A central question in multimodal neuroimaging analysis is to understand the association between two imaging modalities and to identify brain regions where such an association is statistically significant. In this article, we propose a Bayesian nonparametric spatially varying correlation model to make inference of such regions. We build our model based on the thresholded correlation Gaussian process (TCGP). It ensures piecewise smoothness, sparsity, and jump discontinuity of spatially varying correlations, and is well applicable even when the number of subjects is limited or the signal-to-noise ratio is low. We study the identifiability of our model, establish the large support property, and derive the posterior consistency and selection consistency. We also develop a highly efficient Gibbs sampler and its variant to compute the posterior distribution.

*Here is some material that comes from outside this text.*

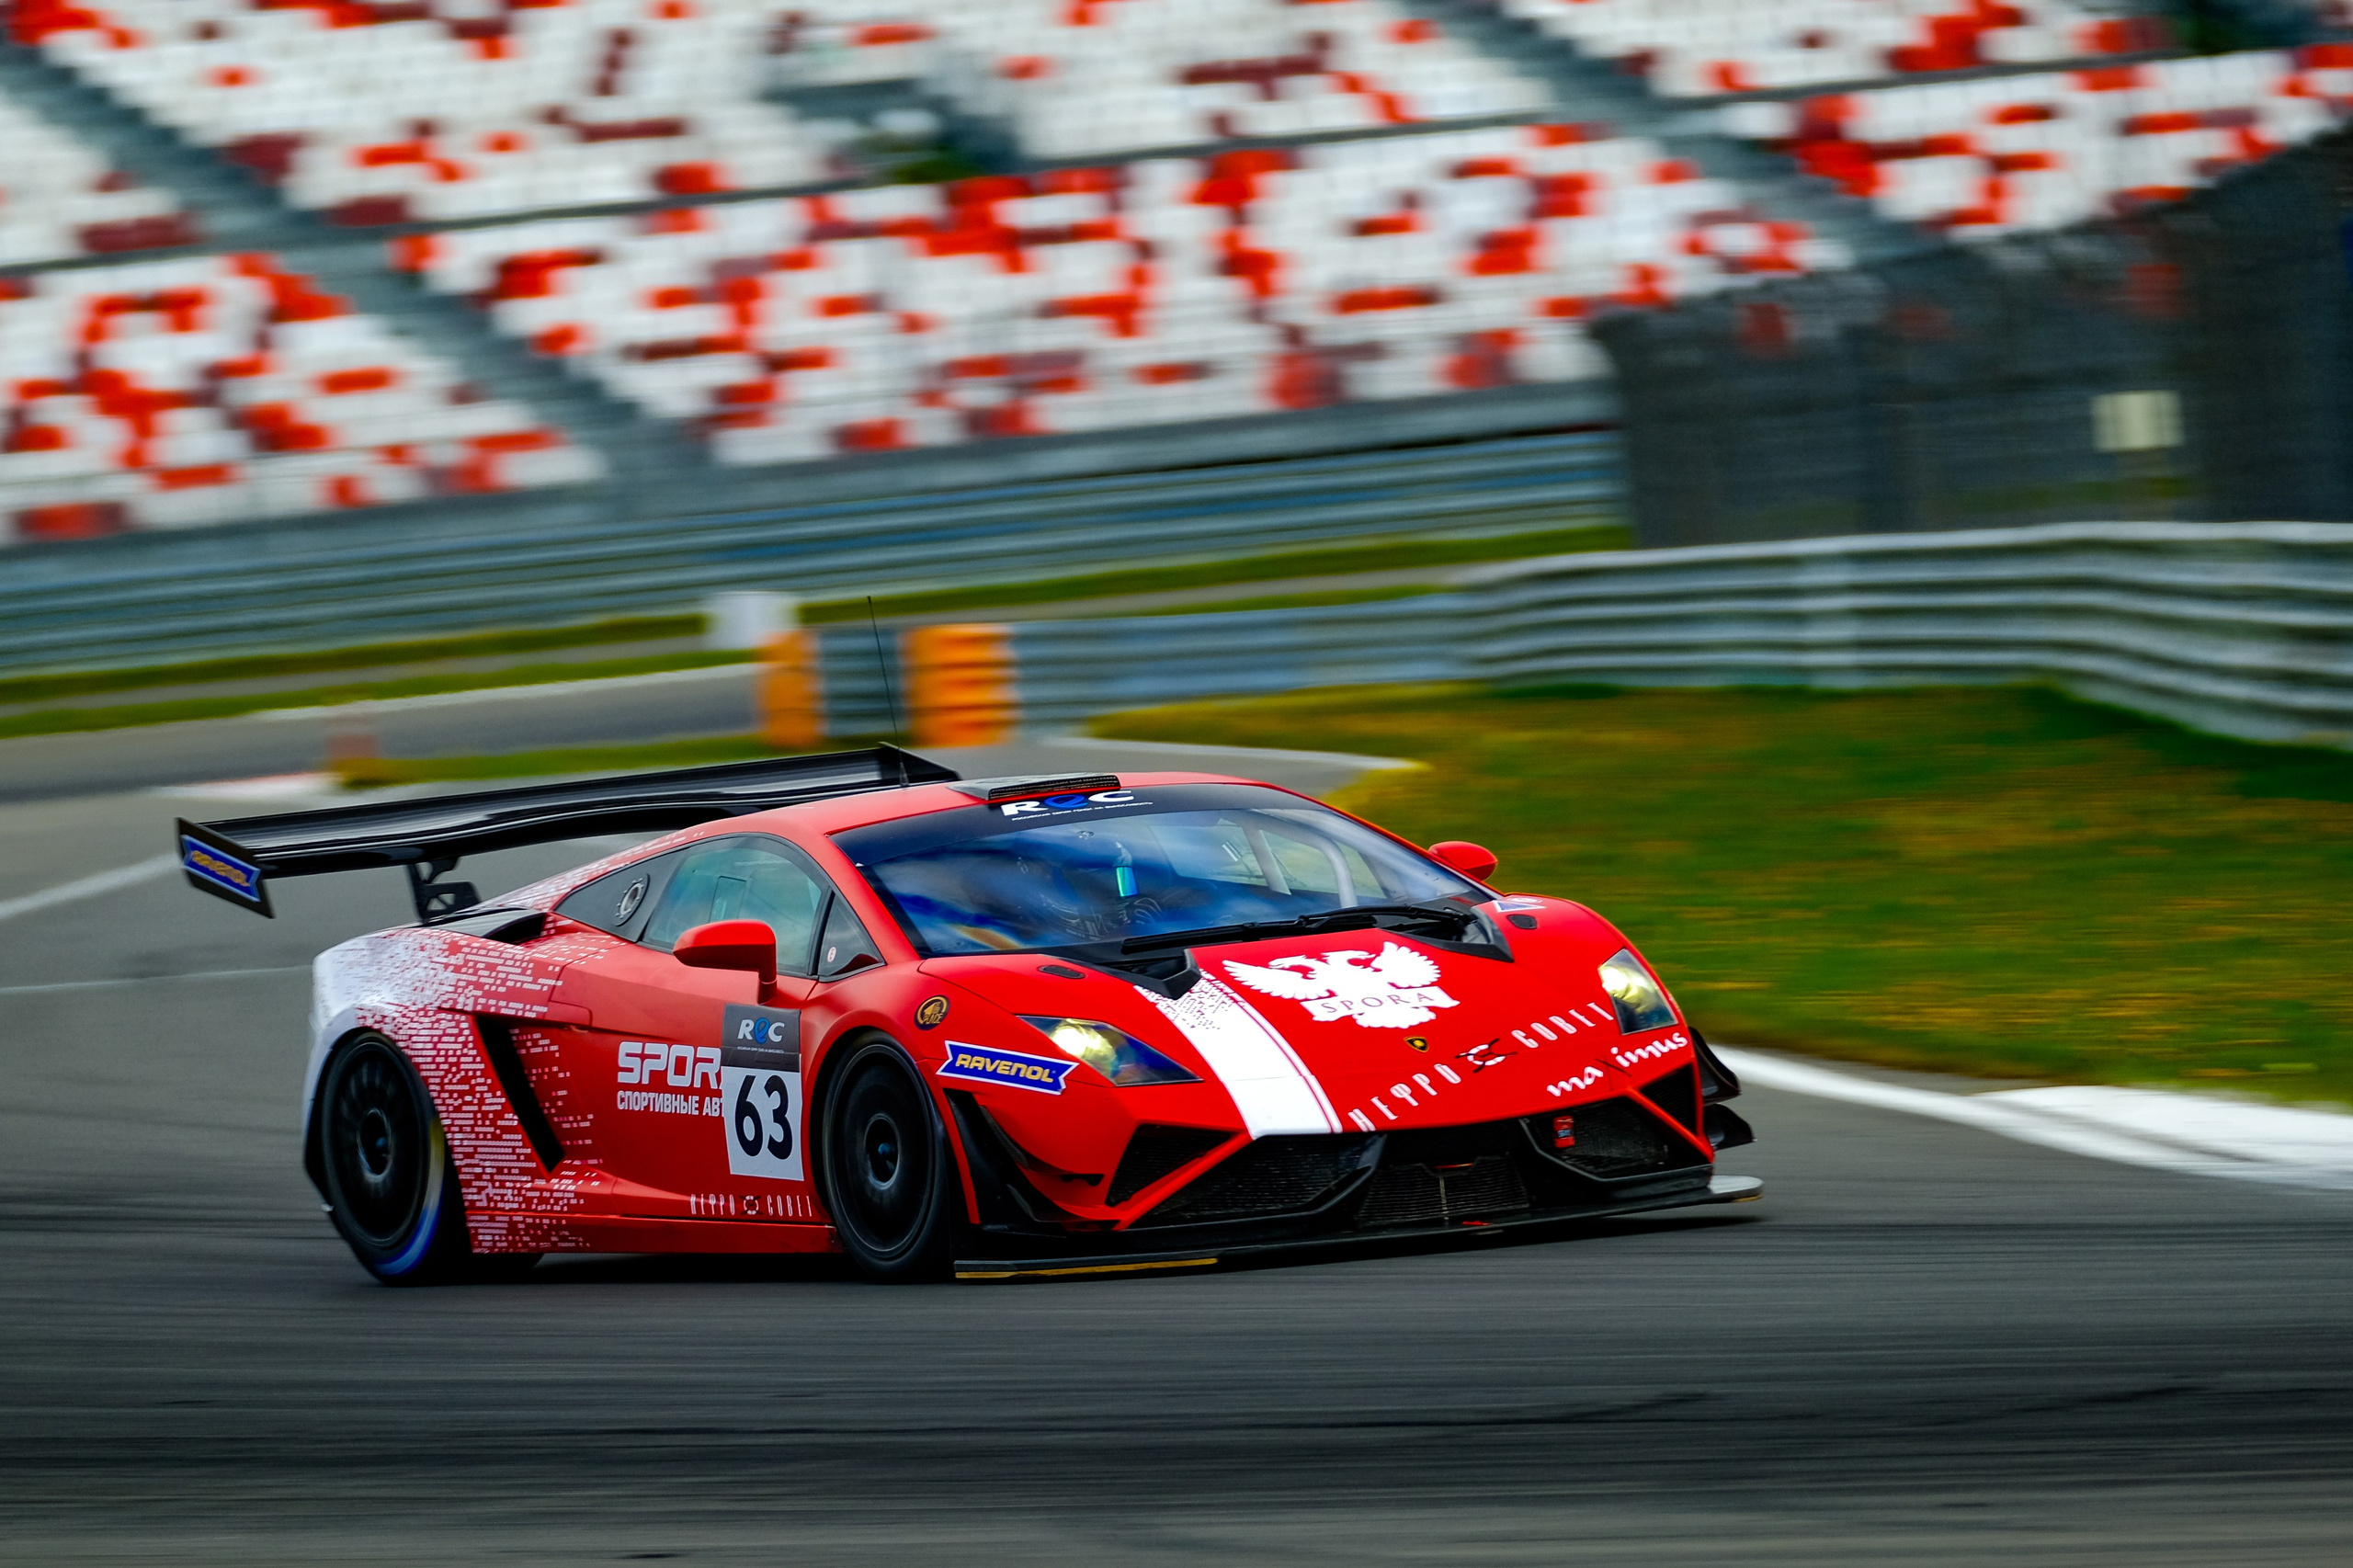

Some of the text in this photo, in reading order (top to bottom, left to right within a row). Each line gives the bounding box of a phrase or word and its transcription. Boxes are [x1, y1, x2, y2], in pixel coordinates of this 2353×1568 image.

[617, 1041, 722, 1089] SPOR
[955, 1053, 1054, 1083] RAVENOL
[617, 1090, 699, 1115] СПОРТИВНЫЕ
[735, 1074, 793, 1160] 63
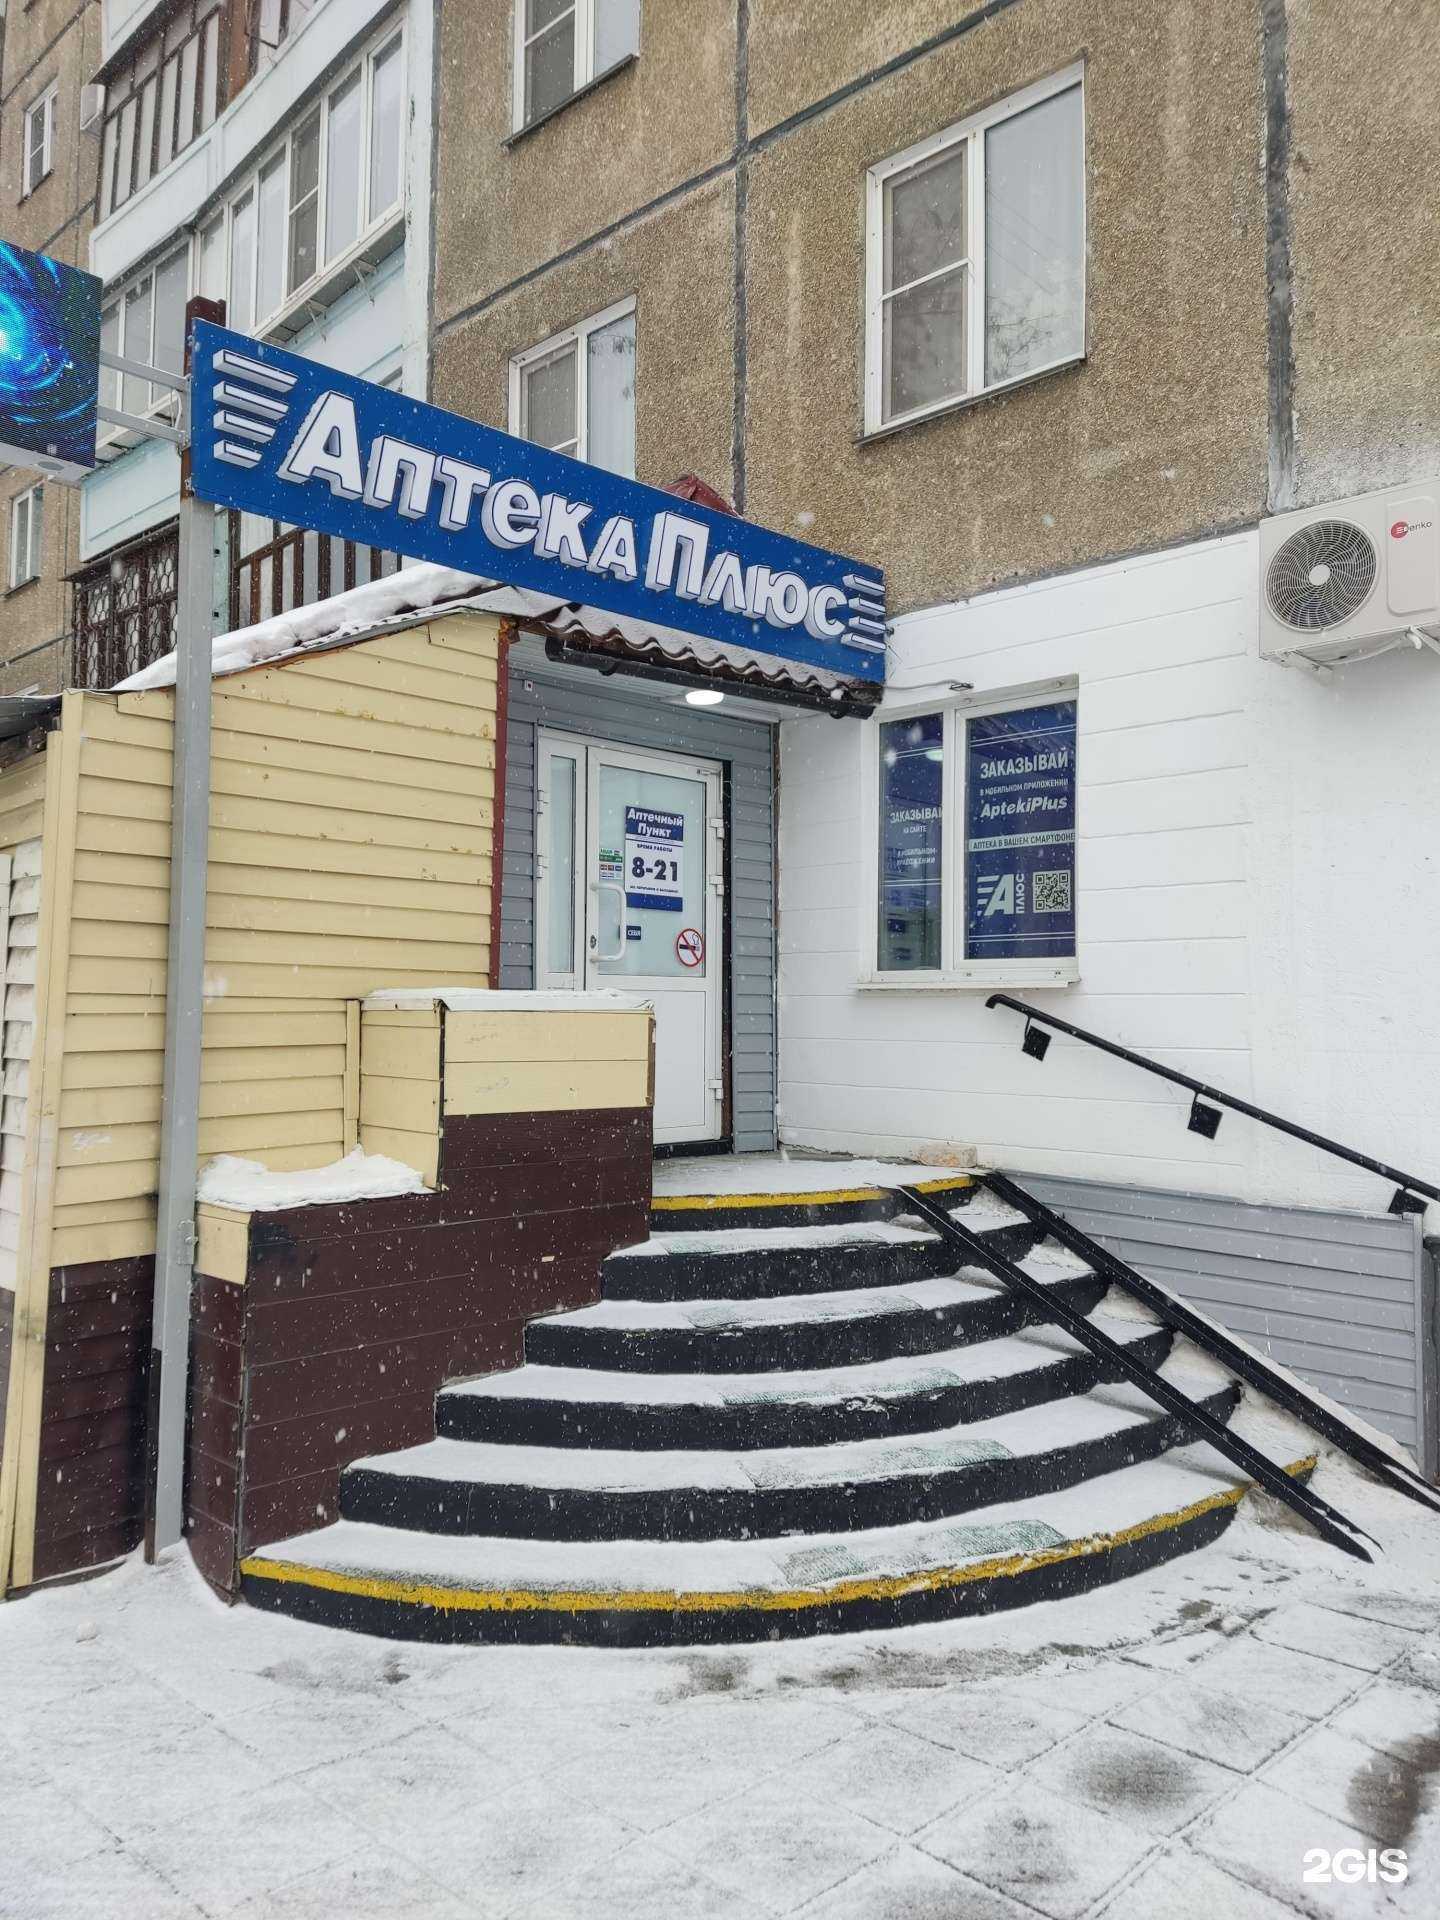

We illustrate the method with both simulations and an analysis of functional magnetic resonance imaging data from the Human Connectome Project.

翻译：多模态神经影像分析的核心问题在于理解两种成像模态间的关联，并识别此类关联具有统计学显著性的脑区。本文提出一种贝叶斯非参数空间变化相关模型，以对此类区域进行统计推断。该模型基于阈值相关高斯过程构建，能确保空间变化相关性具有分段平滑性、稀疏性和跳跃间断性，即使在被试数量有限或信噪比较低的情况下仍具有良好适用性。我们研究了该模型的可识别性，证明了其大支撑性质，并推导了后验一致性与选择一致性。同时开发了高效吉布斯采样器及其变体用于计算后验分布。通过仿真实验和对人类连接组计划功能磁共振成像数据的分析，验证了该方法的有效性。